From the line that contains "Some of the words" to the end of the records below, copy every line exactly. Both the first and last of these lines count.
Segment Start: Records supplied
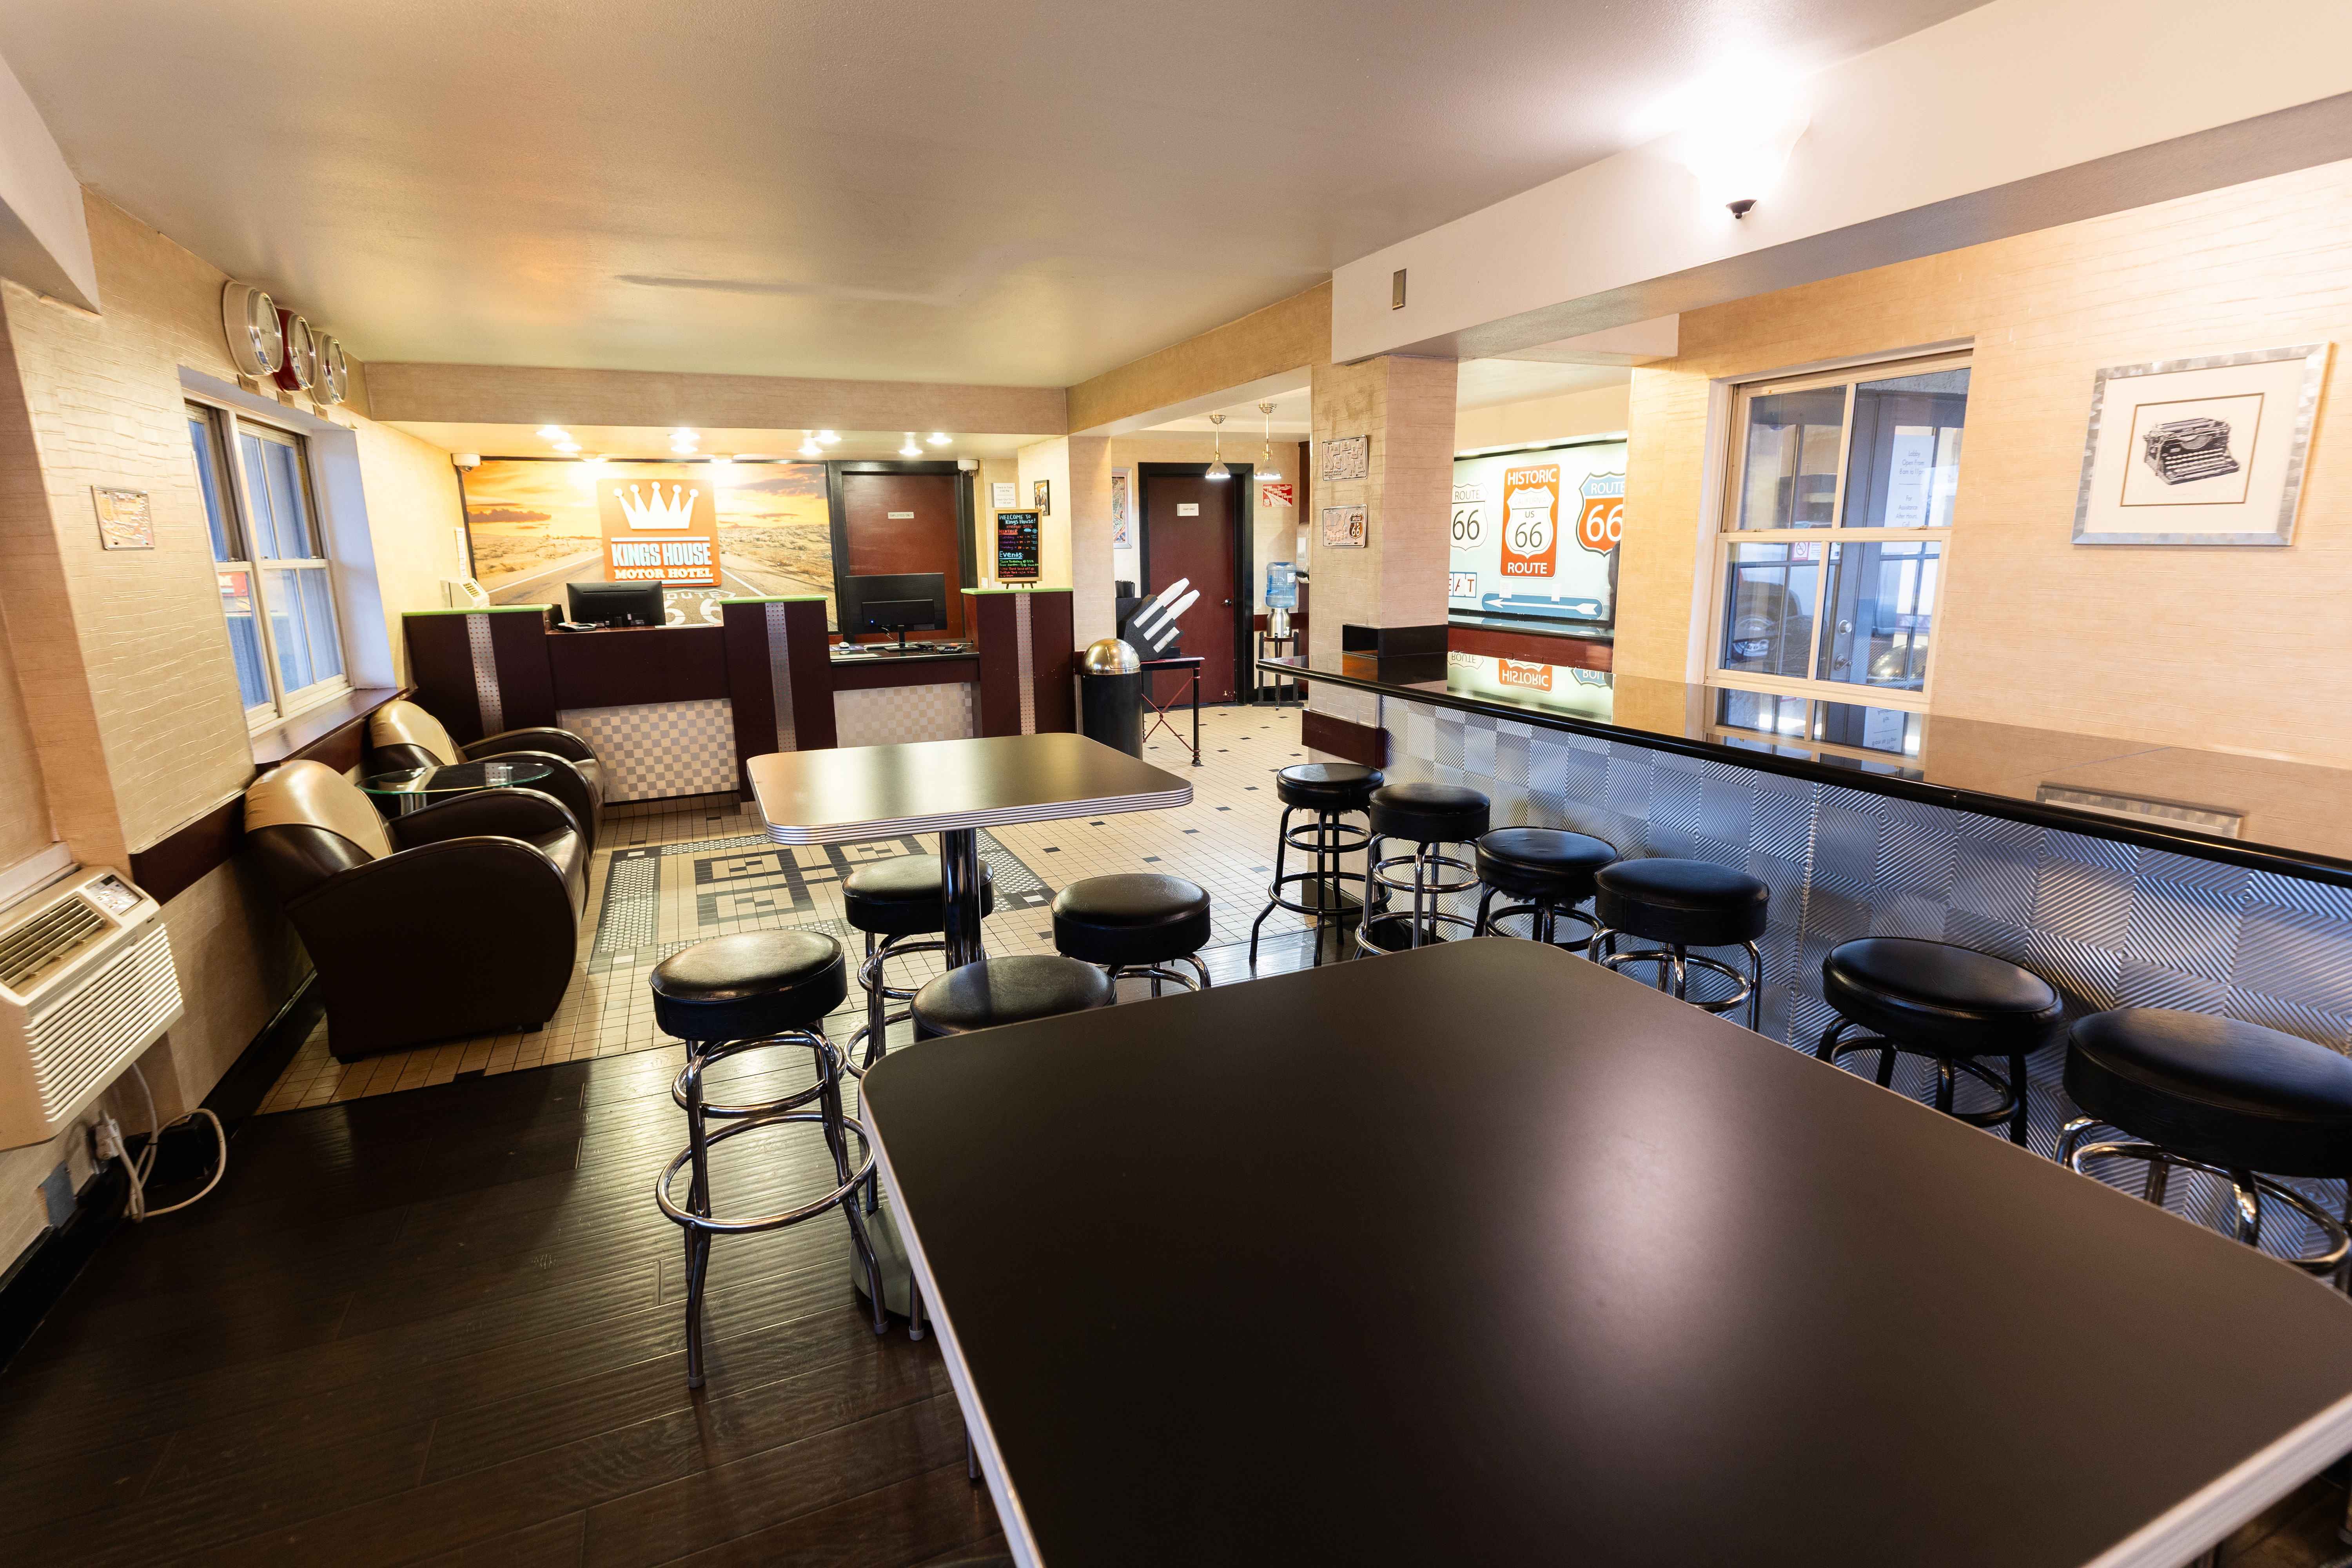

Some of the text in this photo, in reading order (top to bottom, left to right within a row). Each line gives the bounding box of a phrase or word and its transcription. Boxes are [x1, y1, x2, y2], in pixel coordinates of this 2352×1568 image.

[1508, 468, 1557, 485] HISTORIC
[1591, 481, 1625, 494] ROUTE
[1455, 490, 1480, 500] ROUTE
[1514, 497, 1546, 506] CALIFORNIA
[1453, 509, 1479, 540] 66
[1586, 504, 1623, 541] 66
[1352, 526, 1360, 536] 66
[1515, 522, 1543, 548] 66
[611, 543, 712, 566] KINGS HOUSE
[614, 568, 713, 579] MOTOR HOTEL
[1508, 562, 1547, 574] ROUTE
[666, 592, 722, 600] OUTE
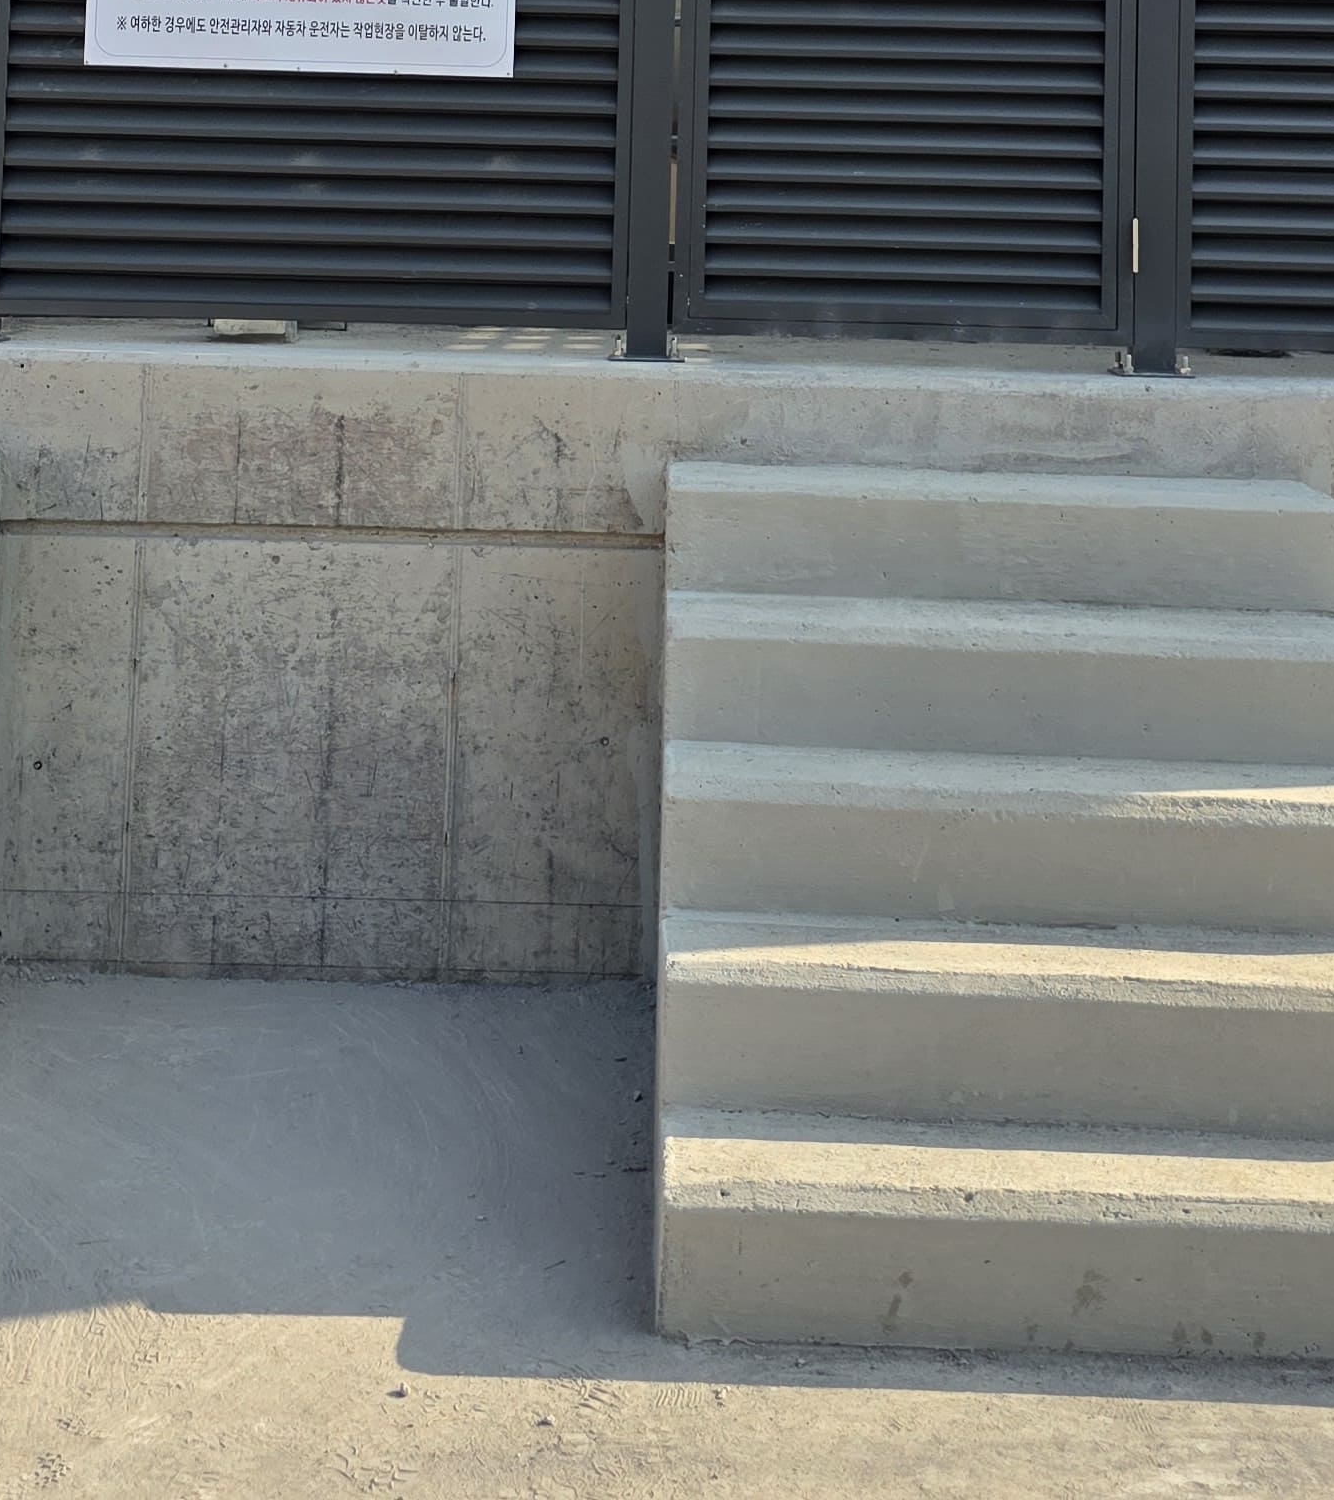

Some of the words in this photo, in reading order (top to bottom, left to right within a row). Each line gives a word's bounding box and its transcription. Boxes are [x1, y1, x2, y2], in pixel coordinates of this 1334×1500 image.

[130, 15, 162, 33] 여하한
[165, 16, 206, 34] 경우에도
[209, 17, 272, 36] 안전관리자와
[274, 20, 306, 37] 자동차
[309, 20, 351, 39] 운전자는
[353, 22, 405, 40] 작업현장을
[408, 23, 449, 42] 이탈하지
[452, 25, 486, 43] 않는다.
Segment End: Records supplied
[Answer to the exercise]
Some of the words in this photo, in reading order (top to bottom, left to right within a row). Each line gives a word's bounding box and its transcription. Boxes are [x1, y1, x2, y2], in pixel coordinates of this 1334×1500 image.

[130, 15, 162, 33] 여하한
[165, 16, 206, 34] 경우에도
[209, 17, 272, 36] 안전관리자와
[274, 20, 306, 37] 자동차
[309, 20, 351, 39] 운전자는
[353, 22, 405, 40] 작업현장을
[408, 23, 449, 42] 이탈하지
[452, 25, 486, 43] 않는다.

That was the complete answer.